Depois de ganhar fama por seu livro ""O Fim da História e o Último Homem", o americano Francis Fukuyama, 51, prevê agora o fim de George Walker Bush.
""Pela primeira vez desde que assumiu, Bush está realmente vulnerável. Muita gente considera o começo do seu fim. E eu concordo com isso", disse Fukuyama em entrevista à Folha na Universidade Johns Hopkins, em Washington, após uma palestra sobre a situação americana no Iraque.
""O Fim da História" se tornou um best seller a partir de 1991 ao pregar a tese, em mais de 15 idiomas, de que todos os países do mundo se juntariam com o tempo ao redor de um sistema político e econômico comum, baseado na democracia.
Leia a entrevista de Fukuyama, PhD em ciência política pela Universidade Harvard, à Folha.

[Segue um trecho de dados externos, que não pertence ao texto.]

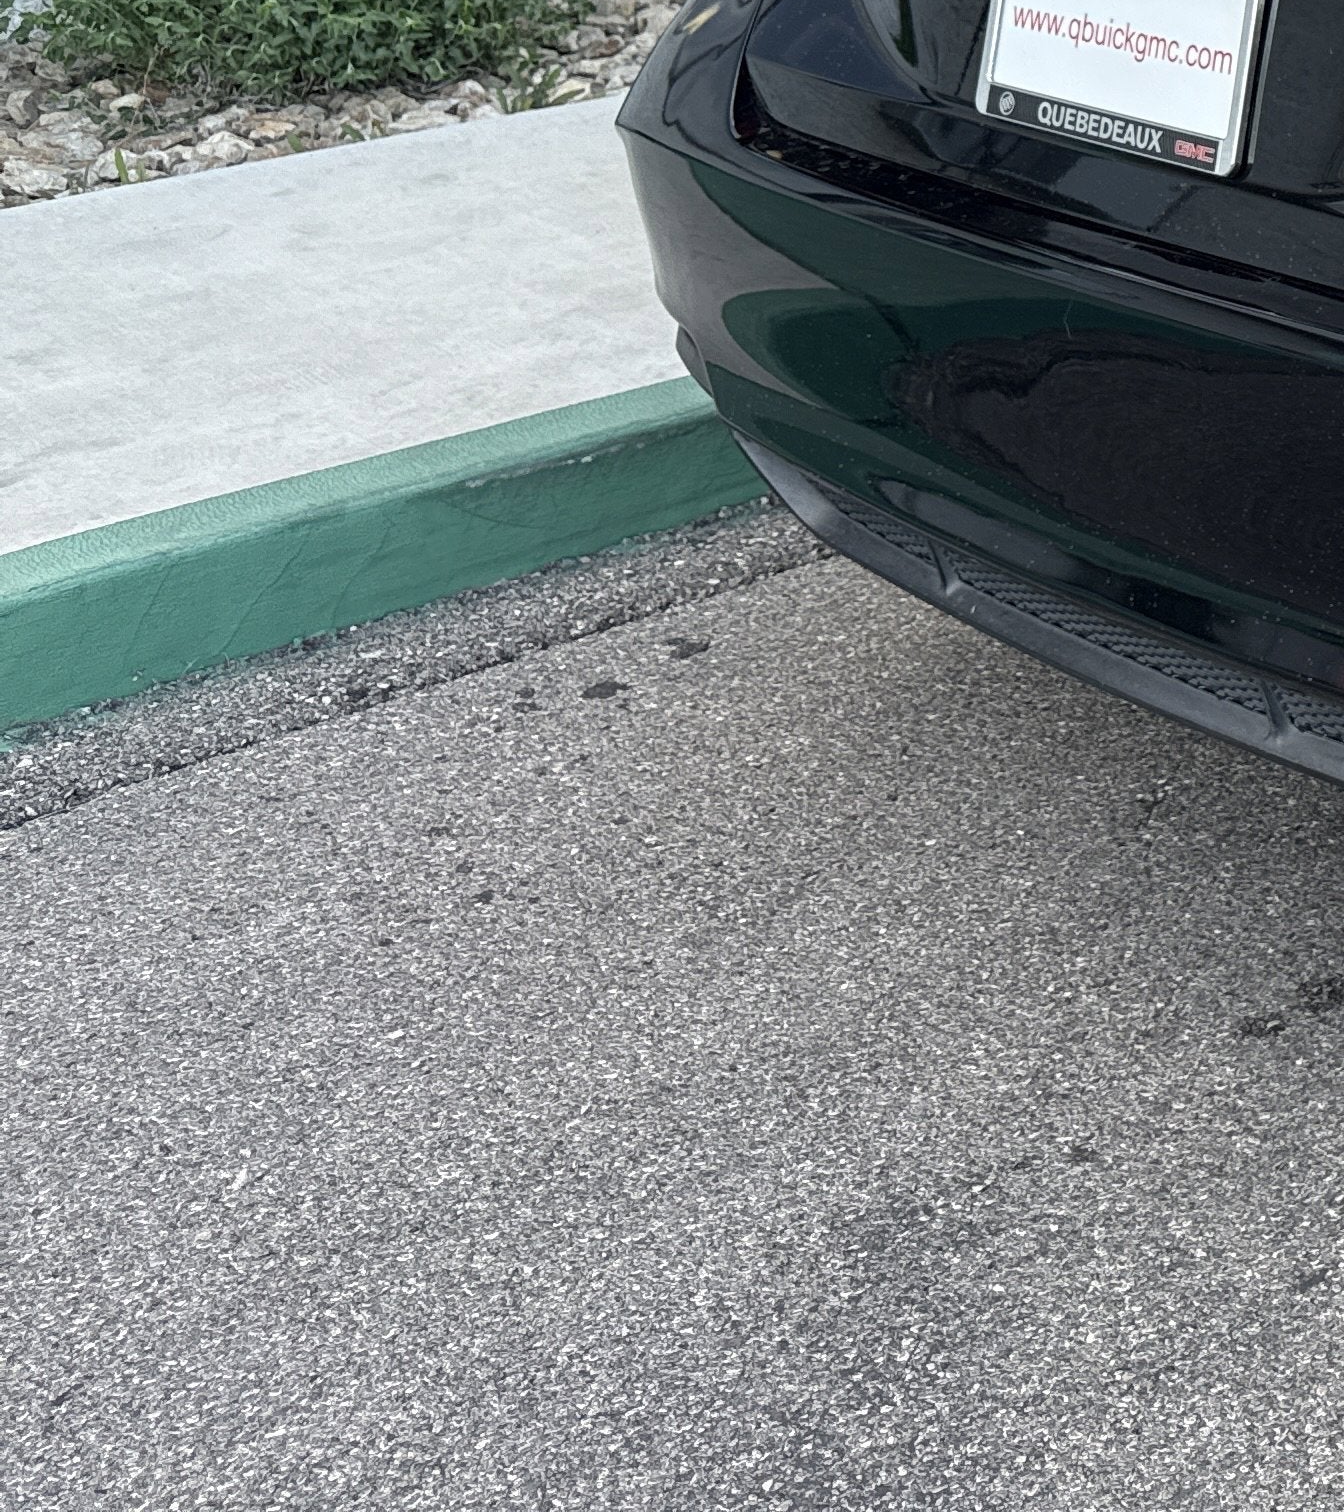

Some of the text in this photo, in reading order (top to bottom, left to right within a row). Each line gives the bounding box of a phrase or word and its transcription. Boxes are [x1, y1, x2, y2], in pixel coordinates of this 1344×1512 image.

Folha - Os democratas conseguirão mudar ""corações e mentes" no momento em que Bush constrói seu discurso em cima da ameaça terrorista presente e da guerra?
Francis Fukuyama -
Bush tenta de fato concentrar toda a sua estratégia no medo dos americanos em relação ao terror evocando os ataques do 11 de Setembro. Mas creio que a sua performance não tenha sido muito impressionante.
Mesmo a entrevista apresentada no domingo passado [no programa da TV NBC "Meet the Press", em que Bush disse ser o "presidente da guerra"] foi interpretada por muita gente como o verdadeiro começo de seu fim. Eu concordo com isso.
Bush vai insistir nesse ponto, mas creio que talvez ele já não tenha mais argumentos tão poderosos. Se houver de fato uma investigação sobre os maus procedimentos adotados pela Casa Branca a partir de dados incompletos de serviços de inteligência, e se as coisas continuarem tão ruins como estão no Iraque, Bush acabará ficando vulnerável justamente no tema que escolheu como central para a sua campanha.
Isso certamente pode ser um sério problema para o presidente e seu discurso monotemático.

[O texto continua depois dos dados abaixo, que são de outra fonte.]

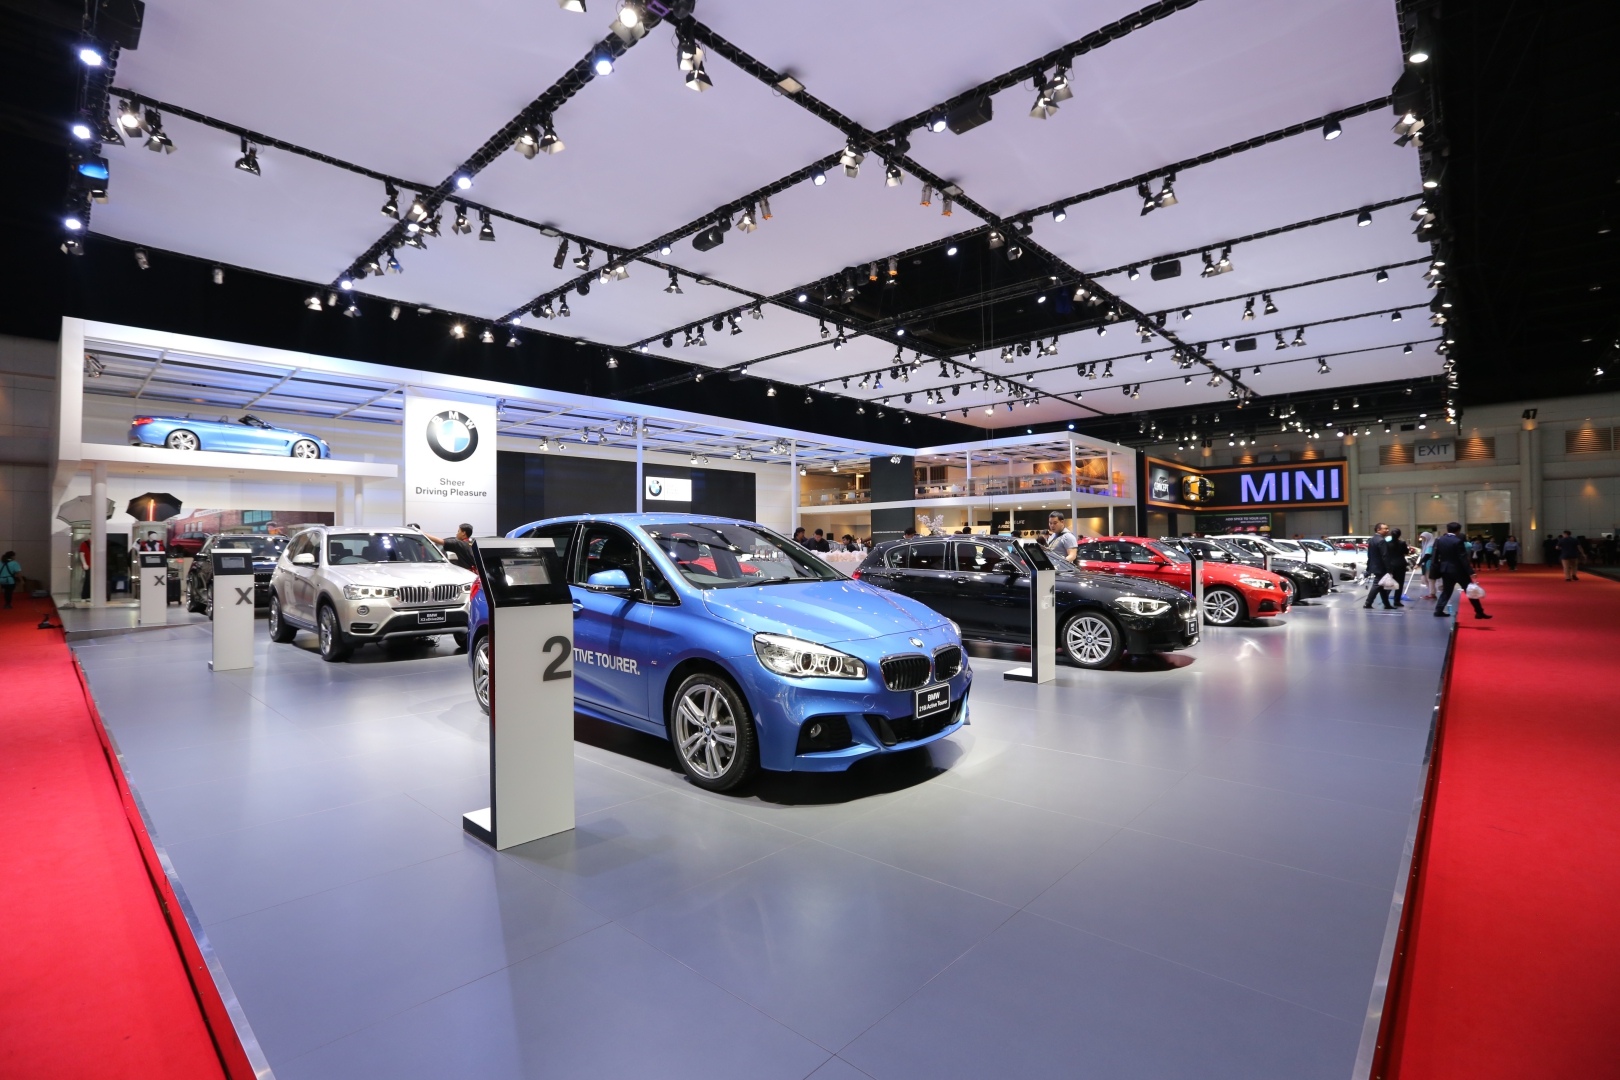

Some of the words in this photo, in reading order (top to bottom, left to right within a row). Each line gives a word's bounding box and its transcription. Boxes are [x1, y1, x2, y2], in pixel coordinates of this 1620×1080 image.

[1522, 408, 1538, 420] 47
[431, 411, 476, 430] BMW
[1418, 444, 1450, 456] EXIT
[440, 478, 465, 486] Sheer
[1241, 468, 1339, 503] MINI
[415, 486, 448, 497] Driving
[450, 488, 487, 497] Pleasure
[154, 575, 165, 586] X
[235, 587, 253, 605] X
[542, 635, 572, 682] 2
[573, 647, 594, 665] TIVE
[595, 652, 640, 675] TOURER.
[928, 692, 940, 702] BMW

Folha - O ""presidente da guerra" pode, então, perder a eleição justamente por causa dela?
Fukuyama -
Sim, mas não apenas por causa da guerra. Os americanos vão olhar muito para outras questões, principalmente para a economia. Mas eu diria que, pela primeira vez desde que assumiu, o presidente Bush está realmente vulnerável, e justamente nos pontos centrais de seu discurso e de seu governo.

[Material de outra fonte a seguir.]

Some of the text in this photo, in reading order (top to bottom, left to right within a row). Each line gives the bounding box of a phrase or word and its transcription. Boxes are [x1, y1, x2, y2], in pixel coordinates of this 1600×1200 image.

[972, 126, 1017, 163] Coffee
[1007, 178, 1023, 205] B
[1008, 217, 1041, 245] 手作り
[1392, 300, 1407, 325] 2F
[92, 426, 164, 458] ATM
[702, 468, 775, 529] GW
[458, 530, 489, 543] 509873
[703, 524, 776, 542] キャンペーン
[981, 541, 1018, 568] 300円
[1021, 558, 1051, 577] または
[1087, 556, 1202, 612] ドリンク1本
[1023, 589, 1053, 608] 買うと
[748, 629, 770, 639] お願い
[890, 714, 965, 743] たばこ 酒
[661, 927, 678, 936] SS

Folha - Mas grande parte dos norte-americanos segue amedrontada com o terror, não?
Fukuyama -
É verdade. Ainda há uma significativa base de apoio a esse discurso. Mas o que todos devem lembrar sempre é que Bush venceu a eleição de 2000 por uma margem mínima de votos. Talvez possamos dizer que ele nem teve a maioria dos votos.
Bush não precisa convencer as pessoas que têm medo de terroristas e de ""ameaças externas". Elas já fazem parte do ""núcleo duro" do eleitorado republicano.
O problema para Bush é convencer o eleitor de centro. Esse eleitor já começa a avaliar com mais atenção todas as contradições e inconsistências que estão aparecendo no discurso e na prática da Casa Branca. Isso continuará ficando cada vez mais evidente ao longo da campanha.

Folha - O rápido consenso democrata em torno de John Kerry representa a noção de que Bush pode, de fato, ser derrotado?
Fukuyama -
Sim. A questão da elegibilidade tem sido o principal ponto desta campanha, tanto entre os eleitores democratas quanto para os indecisos. Há uma compreensão de que realmente há uma chance a partir desta fase de contradições pela qual estamos passando.

Folha - Mas Bush tentará neutralizar a situação no Iraque durante a campanha, não?
Fukuyama -
Sim, e a maneira que está encontrando é interessante. Ao querer antecipar a entrega do poder aos próprios iraquianos e ao planejar eleições tão cedo no país, os EUA poderão acabar neutralizando de alguma maneira os grupos que estão realizando os ataques na região. Se um novo governo iraquiano assumir, esses ataques constantes perderão a sua legitimidade, pois estariam sendo dirigidos agora contra um comando do próprio país, não mais contra os invasores.

Folha - Em termos históricos, quais as conseqüências da invasão americana no Iraque?
Fukuyama -
A coisa está apenas no começo. Daqui a dez anos, se o Iraque se tornar um lugar democrático, todos teremos uma outra perspectiva. Podemos ter uma surpresa. Mas o problema aqui é a maneira como esse governo conduziu todo o processo, alienando de maneira desnecessária a maior parte de seus aliados internacionais, um erro que poderia ter sido corrigido facilmente. Mas eles nem sequer quiseram pensar no assunto.